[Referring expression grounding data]
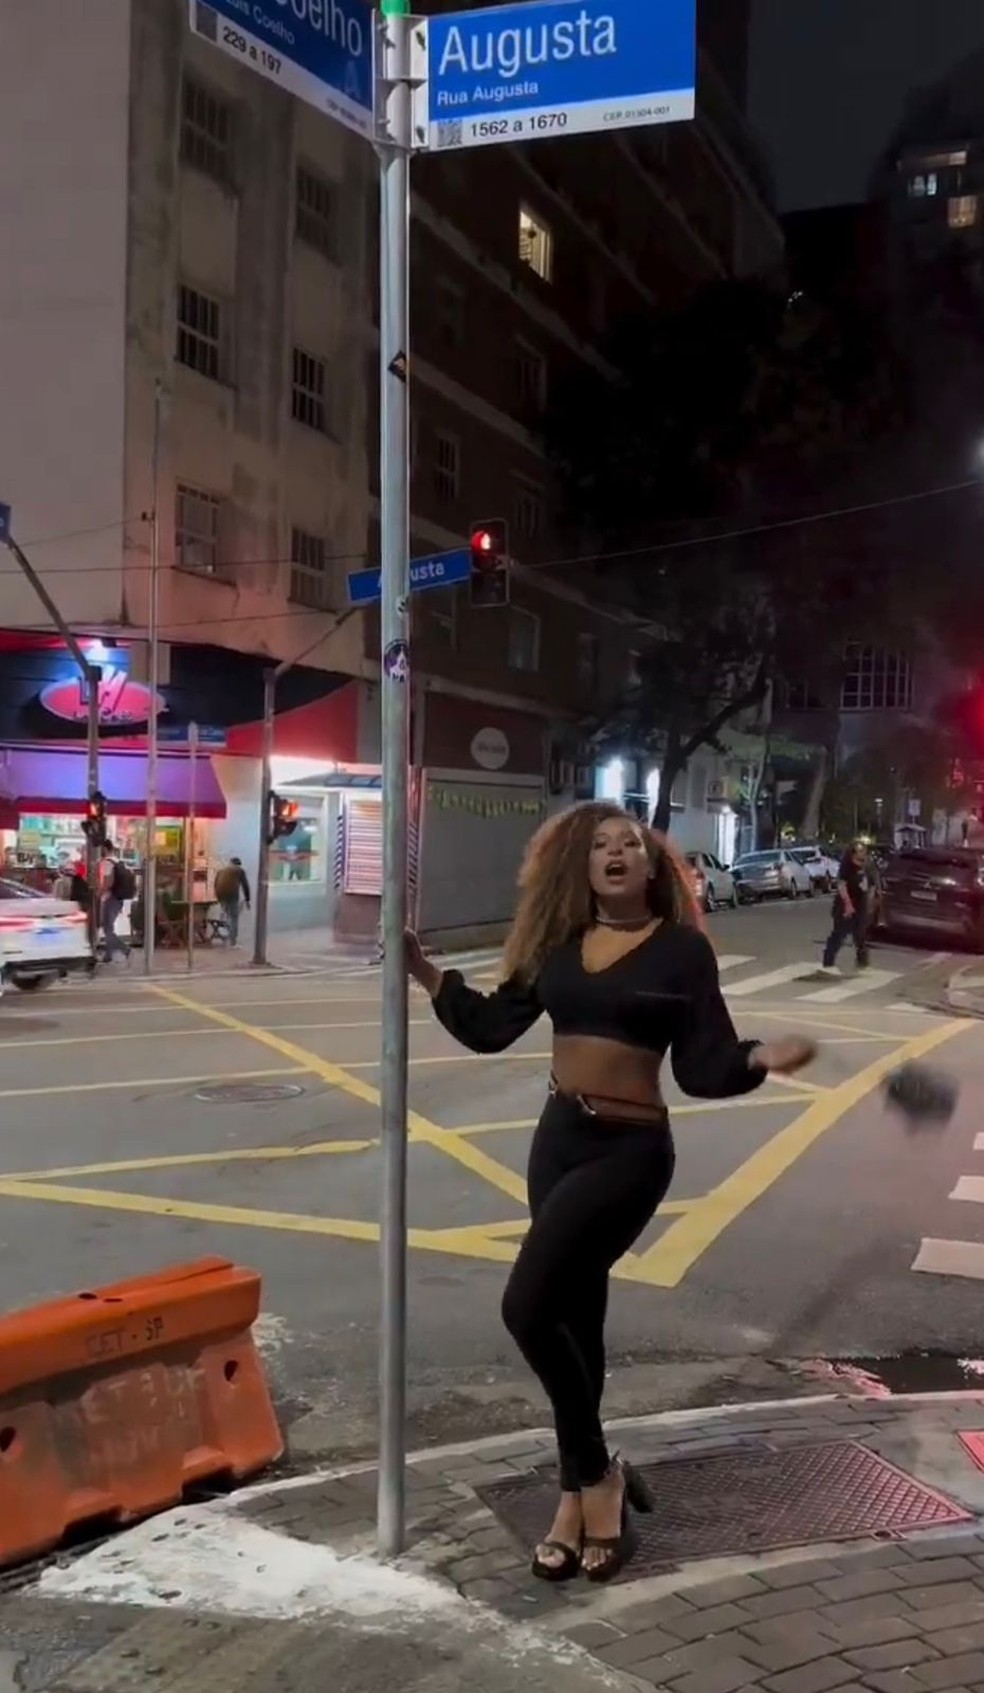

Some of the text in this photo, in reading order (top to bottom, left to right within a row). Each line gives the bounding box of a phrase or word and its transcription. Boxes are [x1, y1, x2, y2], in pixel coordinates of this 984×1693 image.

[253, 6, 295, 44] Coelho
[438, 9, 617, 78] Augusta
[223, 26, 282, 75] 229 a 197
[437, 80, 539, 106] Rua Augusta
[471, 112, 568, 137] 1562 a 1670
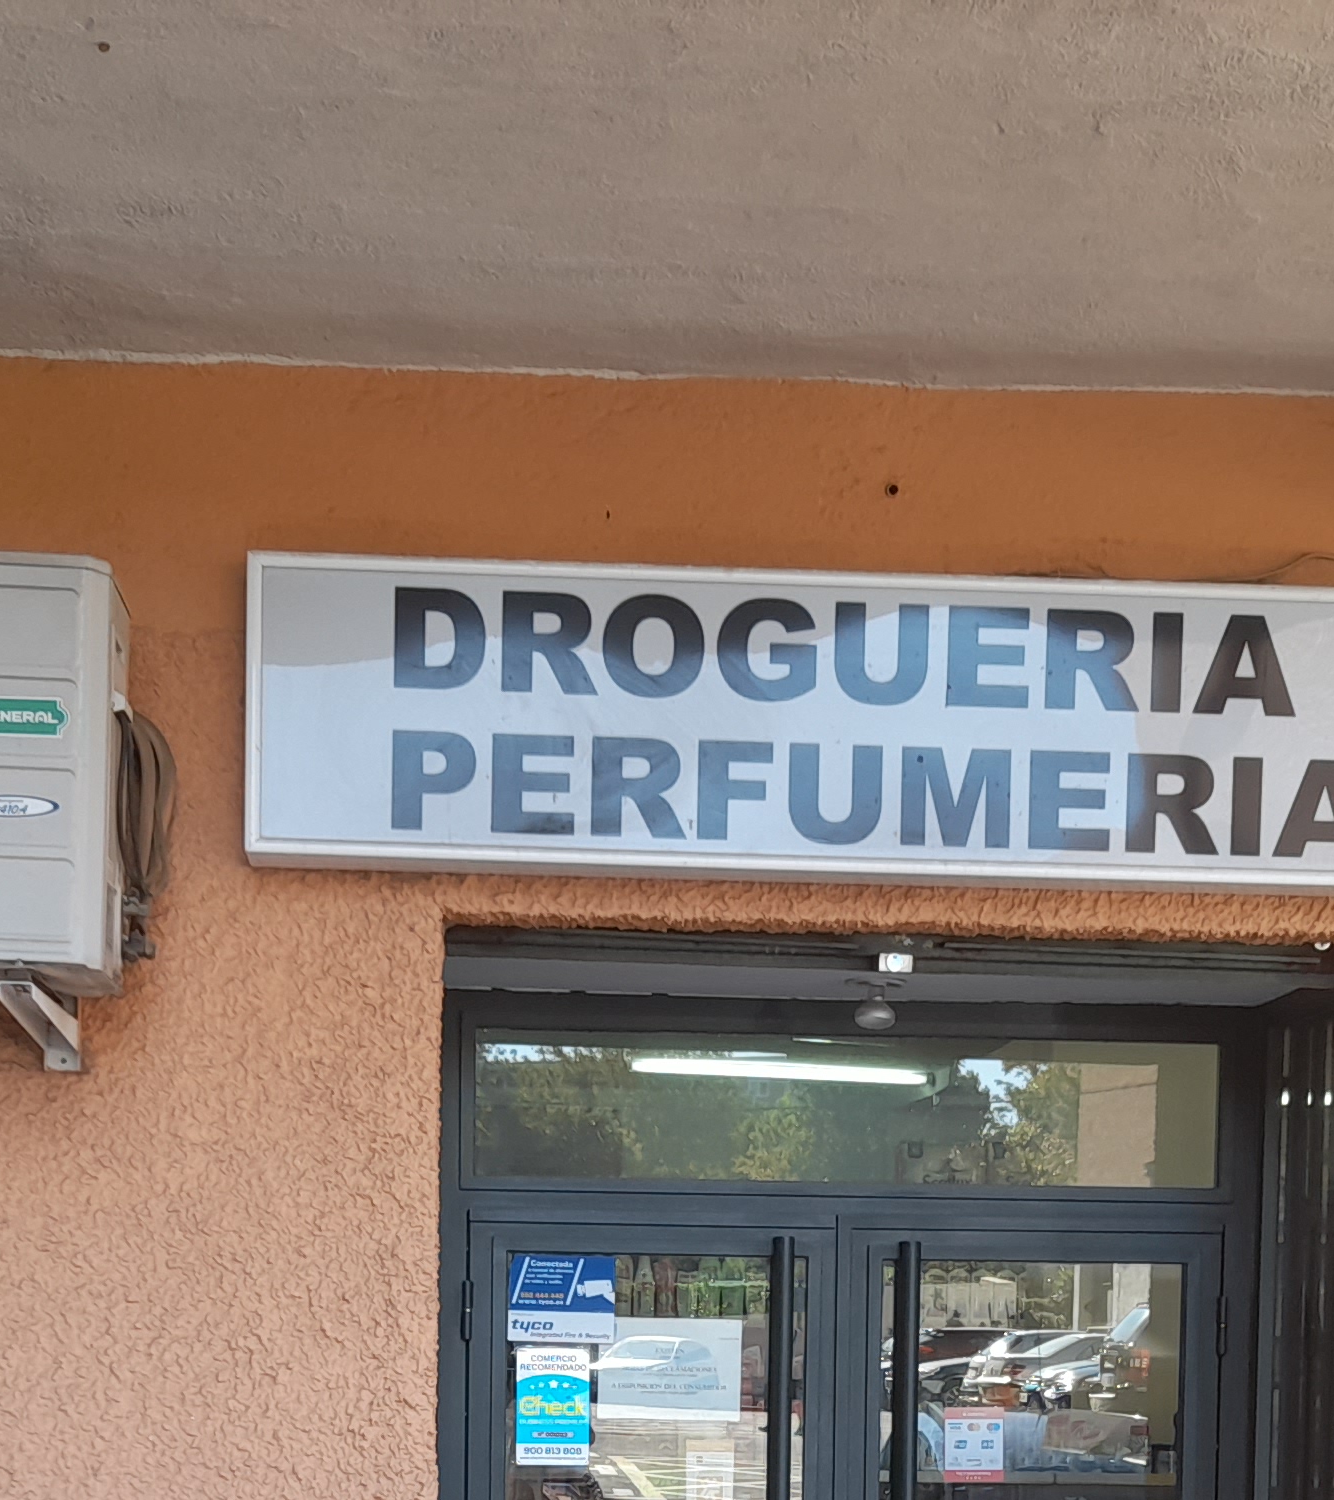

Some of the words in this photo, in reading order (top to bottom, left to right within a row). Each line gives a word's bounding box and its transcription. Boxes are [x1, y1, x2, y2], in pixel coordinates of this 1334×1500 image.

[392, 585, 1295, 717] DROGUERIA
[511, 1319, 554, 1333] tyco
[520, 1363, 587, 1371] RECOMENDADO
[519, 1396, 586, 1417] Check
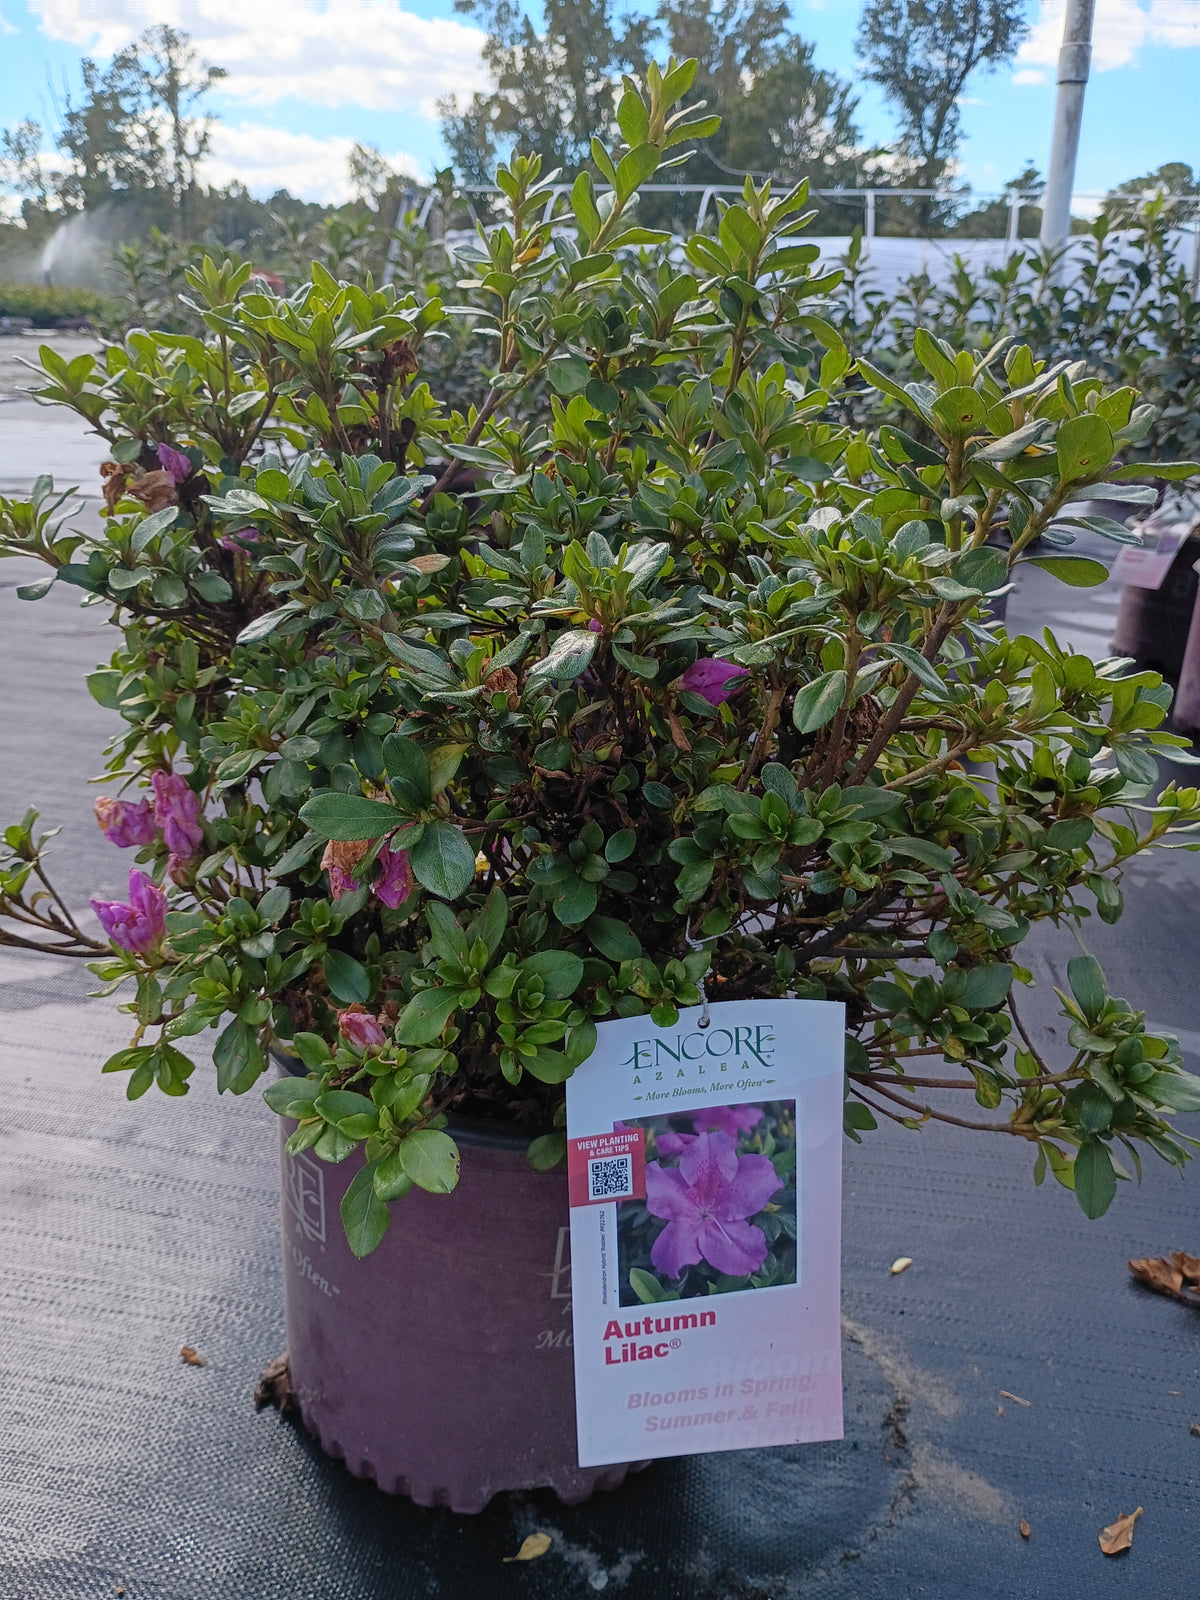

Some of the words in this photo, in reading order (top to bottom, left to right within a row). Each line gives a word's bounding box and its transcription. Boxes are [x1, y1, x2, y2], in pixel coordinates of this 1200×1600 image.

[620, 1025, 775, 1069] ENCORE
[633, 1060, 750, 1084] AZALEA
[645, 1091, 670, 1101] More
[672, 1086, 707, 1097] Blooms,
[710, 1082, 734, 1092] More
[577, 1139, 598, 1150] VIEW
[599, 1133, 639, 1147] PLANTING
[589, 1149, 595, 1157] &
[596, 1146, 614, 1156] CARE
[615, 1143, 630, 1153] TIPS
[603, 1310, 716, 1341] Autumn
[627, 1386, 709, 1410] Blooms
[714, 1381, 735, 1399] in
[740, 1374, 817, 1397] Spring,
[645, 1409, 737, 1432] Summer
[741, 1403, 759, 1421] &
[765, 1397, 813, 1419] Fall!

EXERCISE:
Before you finish, make sure every line above has been repeated exactly and no picture remains in the copy.

SOLUTION FOR THIS PROBLEM:
Some of the text in this photo, in reading order (top to bottom, left to right within a row). Each line gives the bounding box of a phrase or word and its transcription. Boxes are [x1, y1, x2, y2], in pixel coordinates of this 984×1693 image.

[253, 6, 295, 44] Coelho
[438, 9, 617, 78] Augusta
[223, 26, 282, 75] 229 a 197
[437, 80, 539, 106] Rua Augusta
[471, 112, 568, 137] 1562 a 1670

Some of the words in this photo, in reading order (top to bottom, left to right within a row). Each line gives a word's bounding box and its transcription. Boxes are [x1, y1, x2, y2], in pixel coordinates of this 1334×1500 image.

[392, 585, 1295, 717] DROGUERIA
[511, 1319, 554, 1333] tyco
[520, 1363, 587, 1371] RECOMENDADO
[519, 1396, 586, 1417] Check

Some of the words in this photo, in reading order (top to bottom, left to right within a row). Each line gives a word's bounding box and its transcription. Boxes are [x1, y1, x2, y2], in pixel coordinates of this 1200×1600 image.

[620, 1025, 775, 1069] ENCORE
[633, 1060, 750, 1084] AZALEA
[645, 1091, 670, 1101] More
[672, 1086, 707, 1097] Blooms,
[710, 1082, 734, 1092] More
[577, 1139, 598, 1150] VIEW
[599, 1133, 639, 1147] PLANTING
[589, 1149, 595, 1157] &
[596, 1146, 614, 1156] CARE
[615, 1143, 630, 1153] TIPS
[603, 1310, 716, 1341] Autumn
[627, 1386, 709, 1410] Blooms
[714, 1381, 735, 1399] in
[740, 1374, 817, 1397] Spring,
[645, 1409, 737, 1432] Summer
[741, 1403, 759, 1421] &
[765, 1397, 813, 1419] Fall!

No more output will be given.